Machine Learning, Communication and Networks
Research in Machine Learning, Communication and Networks encompasses wireless systems, signal processing, and adaptive networking. Projects range from massive MIMO architectures and federated vehicular swarms to machine learning-based signal analysis for environmental and acoustic sensing.

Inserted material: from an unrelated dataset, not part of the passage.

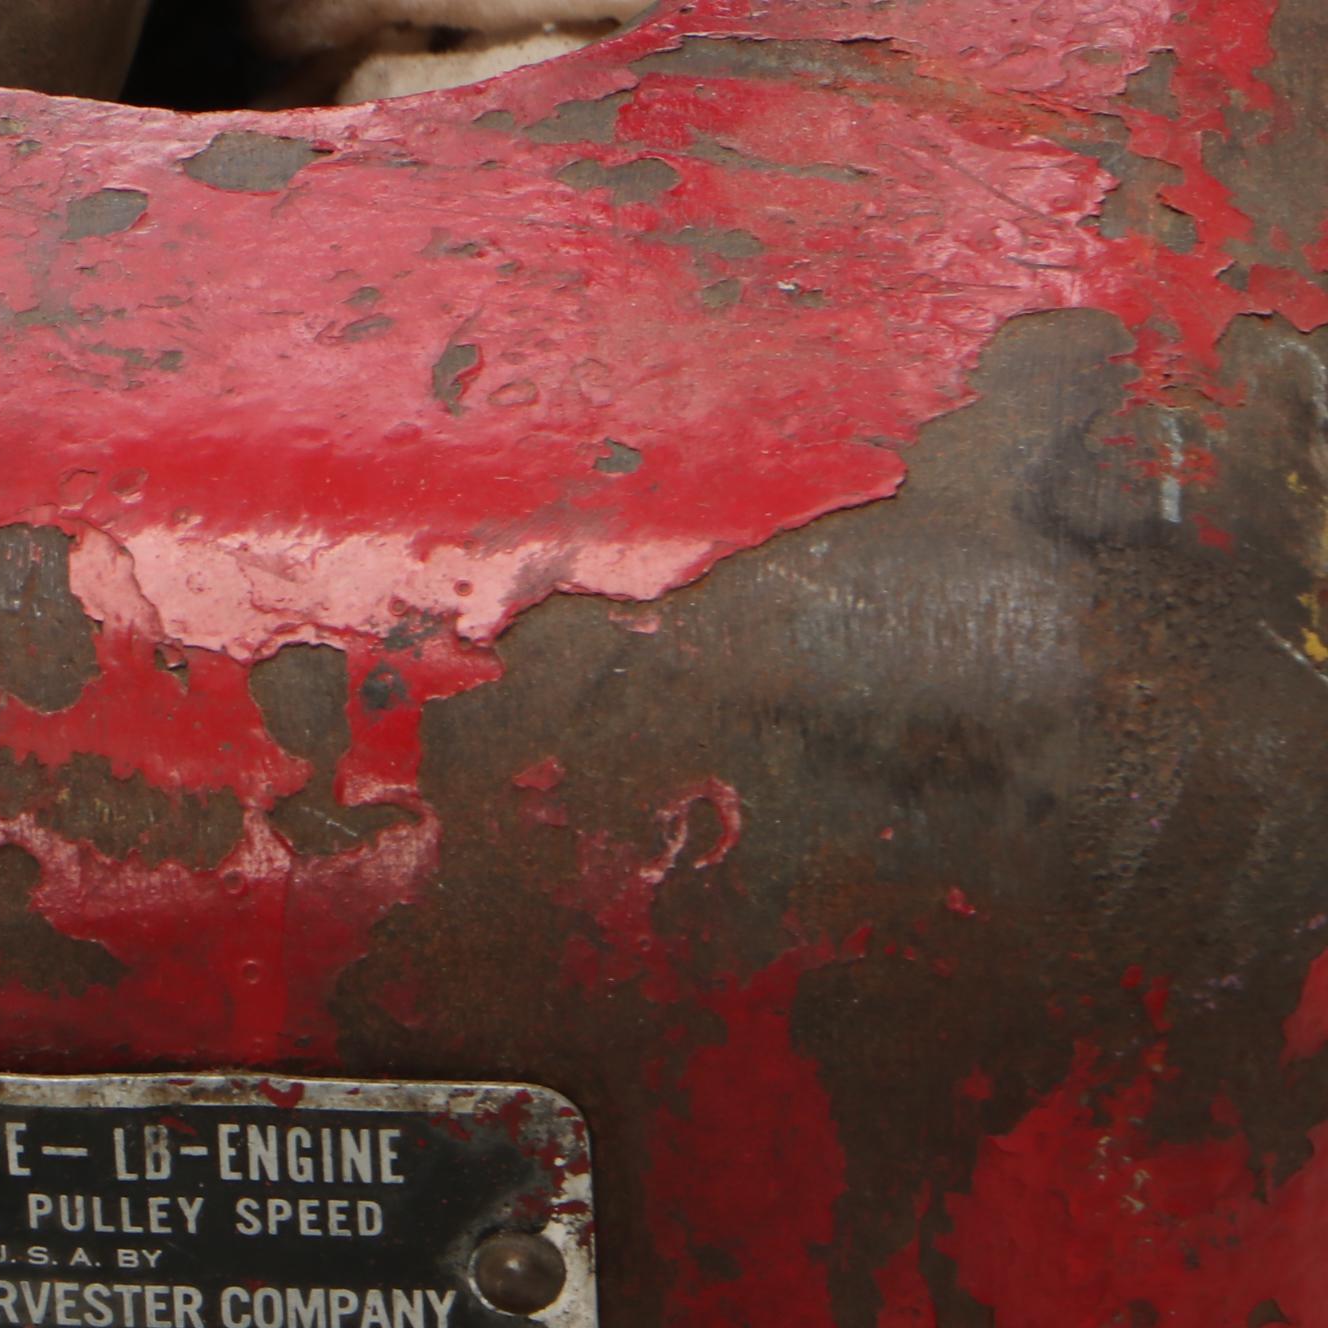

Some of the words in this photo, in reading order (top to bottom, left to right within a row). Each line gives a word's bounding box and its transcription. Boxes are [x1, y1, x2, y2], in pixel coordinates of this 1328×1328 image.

[28, 1193, 204, 1235] PULLEY
[235, 1199, 383, 1237] SPEED
[117, 1249, 163, 1269] BY

Wireless Networks, Swarm Teaming, and Intelligent Infrastructure
Faculty Contacts: J. Camp, D. Rajan
This group area explores scalable, adaptive communication platforms with an emphasis on multi-antenna systems, drone-based and swarm networks, and topology-aware infrastructure for both rural and urban settings. These efforts have been supported by NSF and DHS and include experimental testbeds advancing swarm coordination, autonomous learning, and next-generation wireless capabilities. In addition to foundational wireless systems, the group is deeply engaged in integrating emerging technologies such as digital twins, federated learning, smart contracts, and fully homomorphic encryption. Applications span agriculture, spectrum management, transportation, and cyber-physical systems, emphasizing secure, privacy-preserving, and intelligent communication architectures.
Sensor Signal Processing and Machine Learning
Faculty Contacts: S. Douglas, D. Rajan
This group applies adaptive algorithms and information theory to extract content from environmental sensor data. Applications include remote air quality sensing, acoustic monitoring, and vehicular emissions tracking.